GIVEN DATA section start

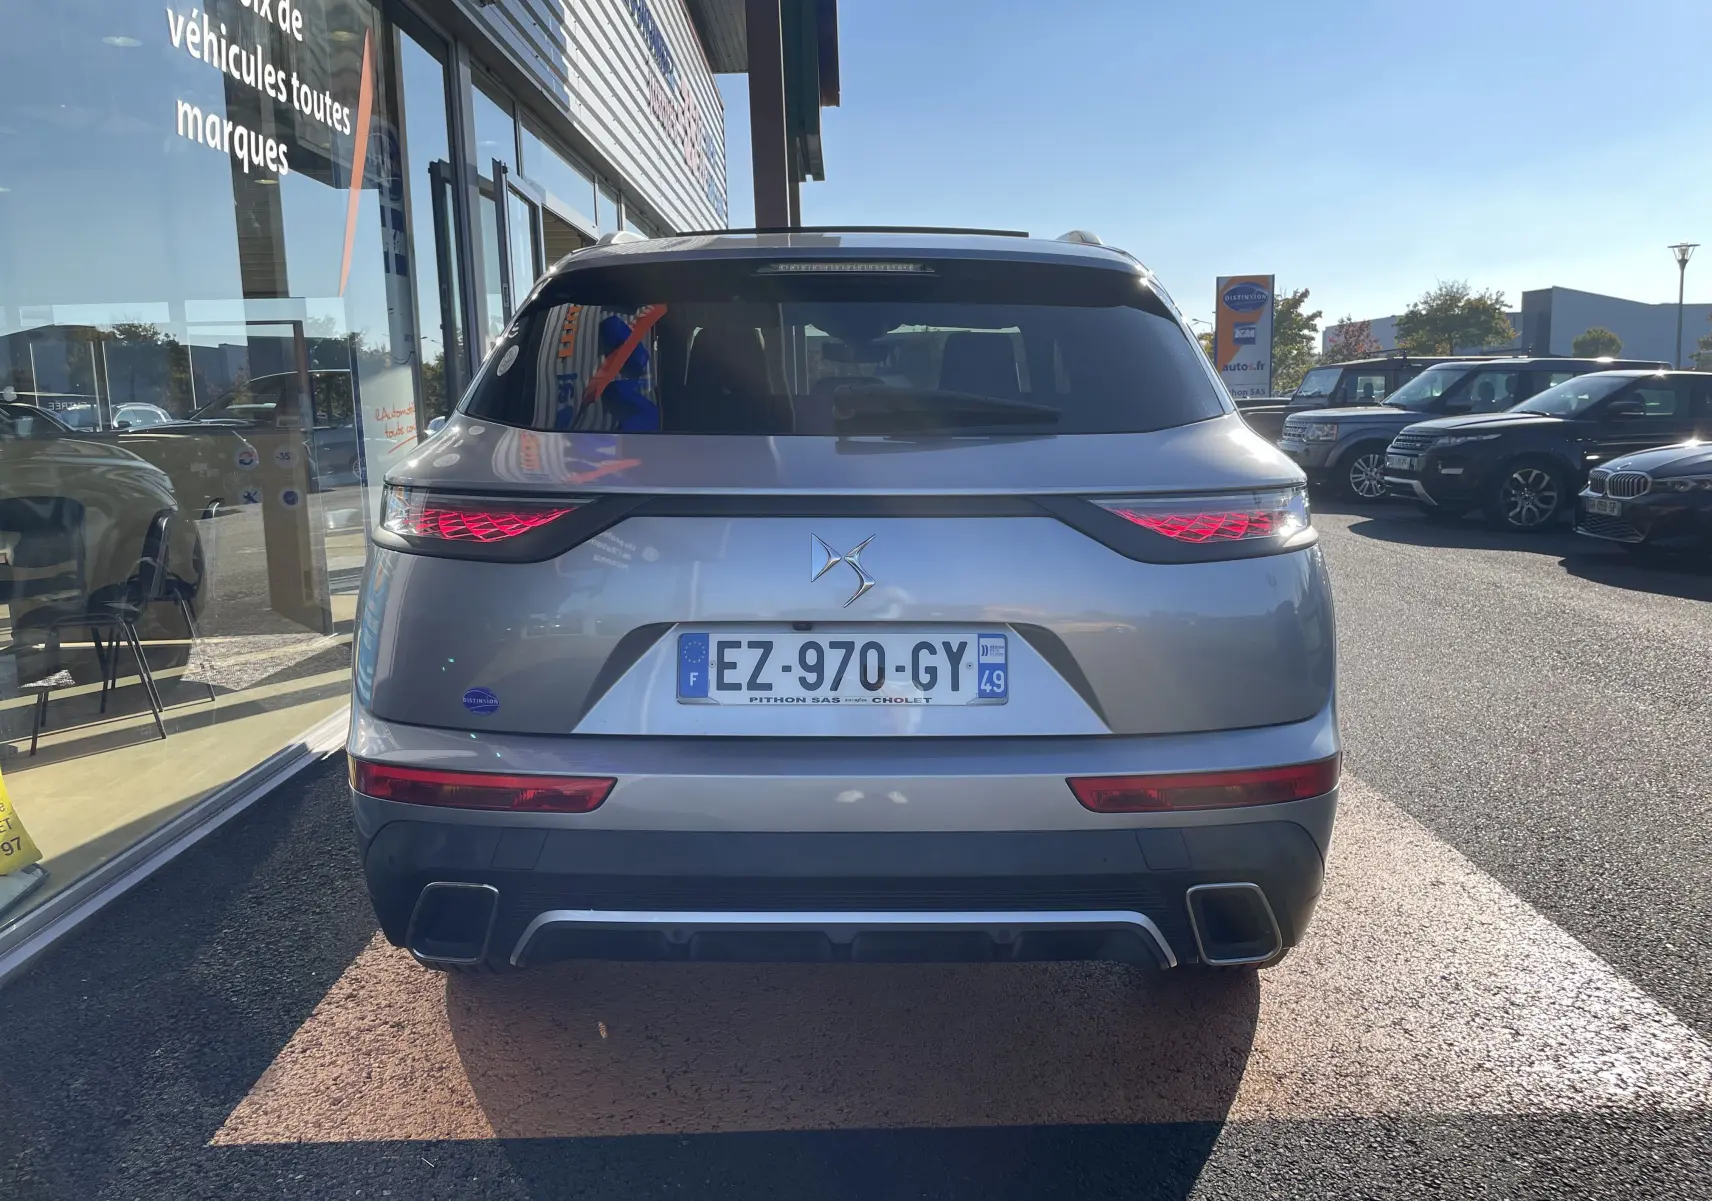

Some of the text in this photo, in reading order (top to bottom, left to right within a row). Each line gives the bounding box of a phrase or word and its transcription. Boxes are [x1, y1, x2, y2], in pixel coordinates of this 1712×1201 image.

[278, 0, 303, 42] de
[166, 8, 351, 136] véhicules toutes
[177, 99, 289, 176] marques
[1223, 360, 1266, 372] autos.fr
[1250, 387, 1266, 397] SAS
[384, 421, 404, 438] toute
[689, 672, 699, 687] F
[716, 640, 968, 692] EZ-970-GY
[980, 669, 1005, 693] 49
[1, 836, 22, 856] 97
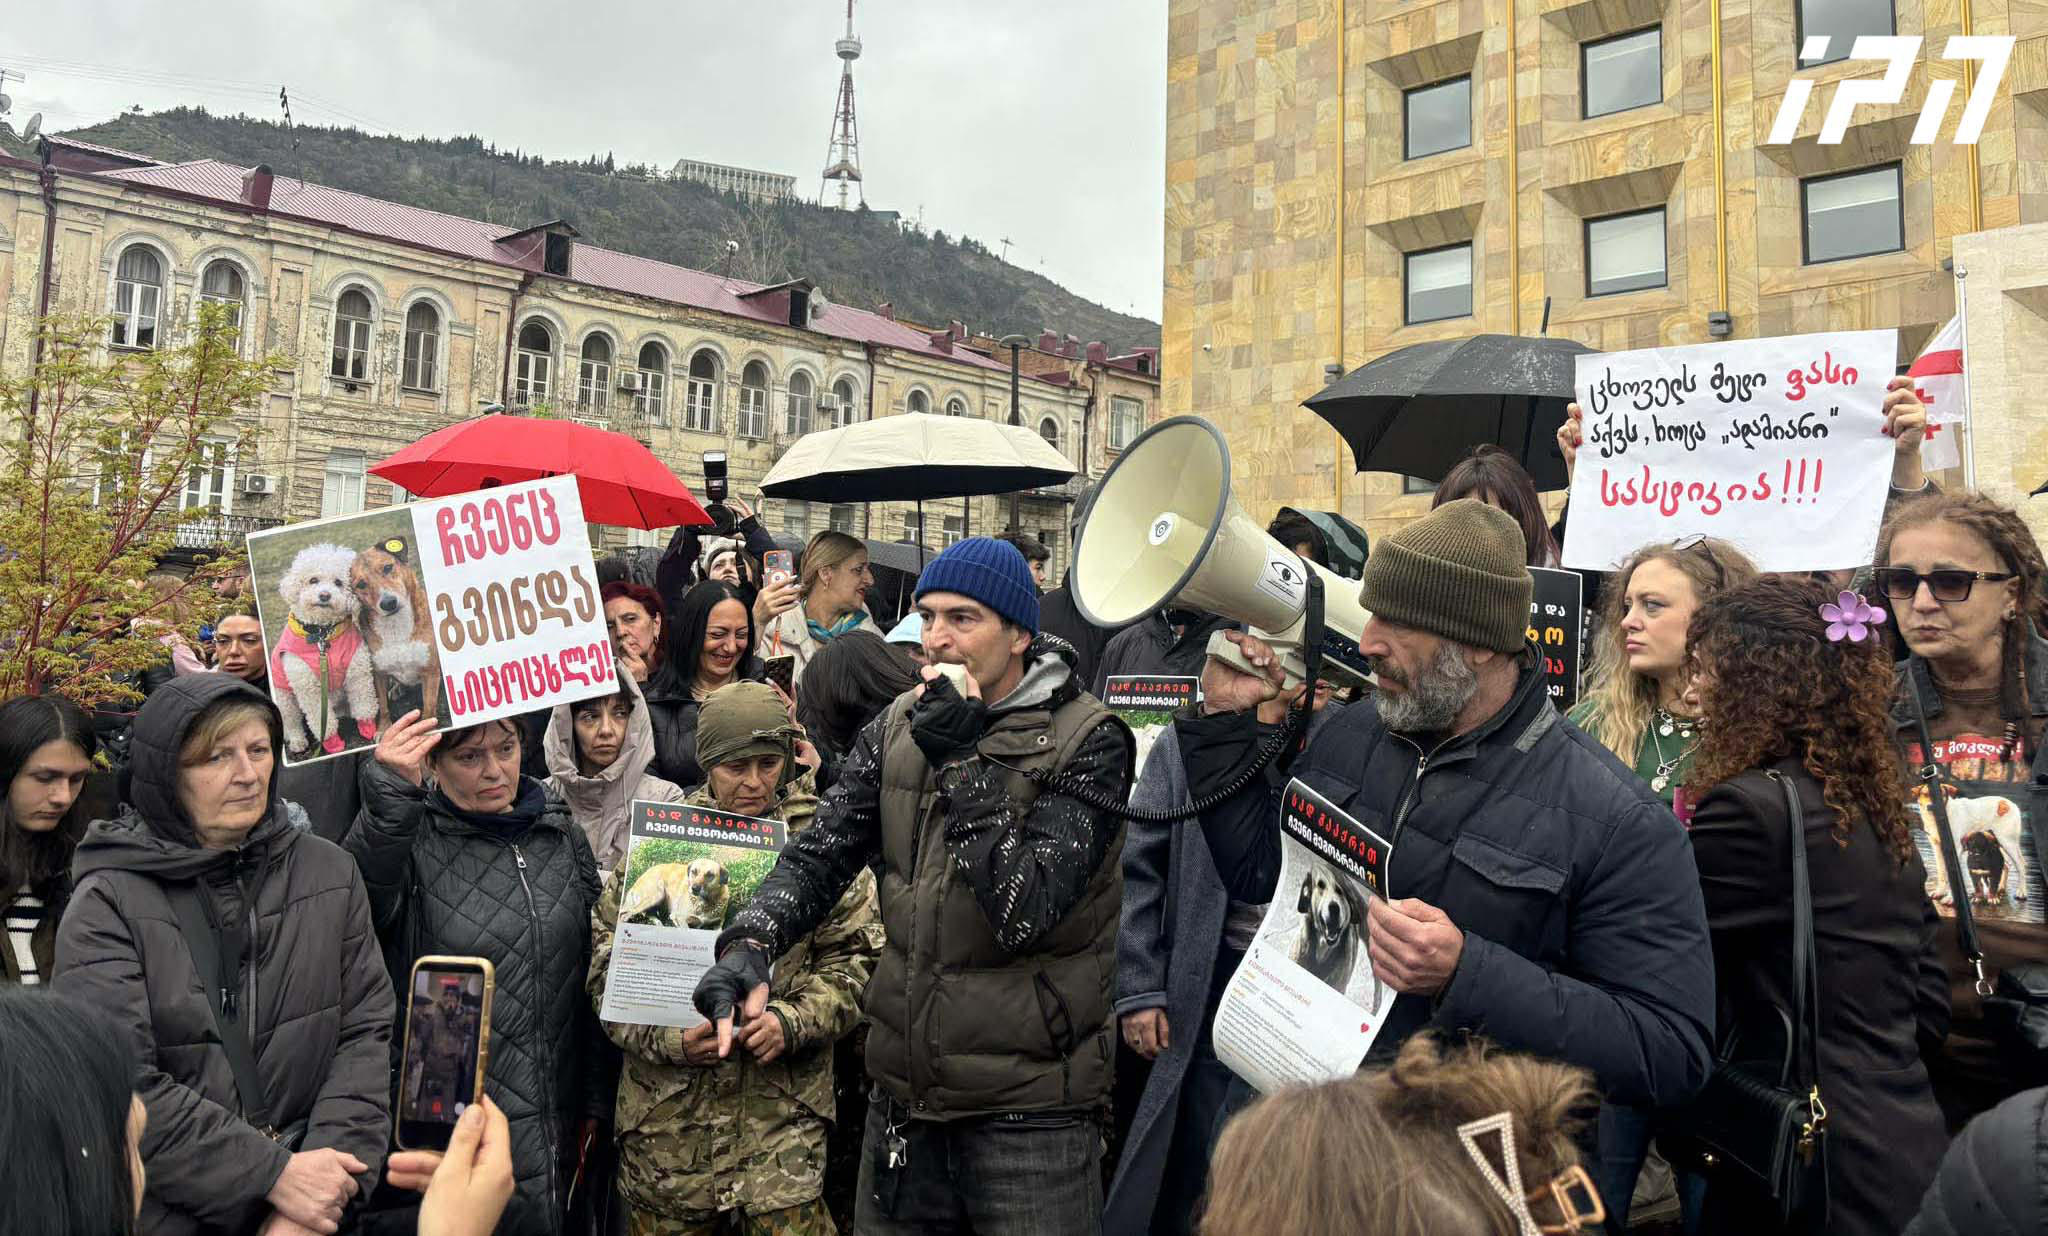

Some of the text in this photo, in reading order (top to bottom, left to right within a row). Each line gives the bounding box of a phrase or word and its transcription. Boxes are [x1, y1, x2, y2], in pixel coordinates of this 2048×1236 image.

GIVEN DATA section end

TASK TO CARRY OUT: When you write out the data, keep every line exact and drop the pictures.

TASK RESPONSE:
Some of the text in this photo, in reading order (top to bottom, left to right within a row). Each line gives the bounding box of a phrase or word and its transcription. Boxes are [x1, y1, x2, y2], in pixel coordinates of this 1712×1201 image.

[278, 0, 303, 42] de
[166, 8, 351, 136] véhicules toutes
[177, 99, 289, 176] marques
[1223, 360, 1266, 372] autos.fr
[1250, 387, 1266, 397] SAS
[384, 421, 404, 438] toute
[689, 672, 699, 687] F
[716, 640, 968, 692] EZ-970-GY
[980, 669, 1005, 693] 49
[1, 836, 22, 856] 97

Some of the text in this photo, in reading order (top to bottom, left to right within a row). Each line gives the bounding box of a phrase or word and its transcription. Boxes are [x1, y1, x2, y2], in pixel coordinates of this 2048×1236 image.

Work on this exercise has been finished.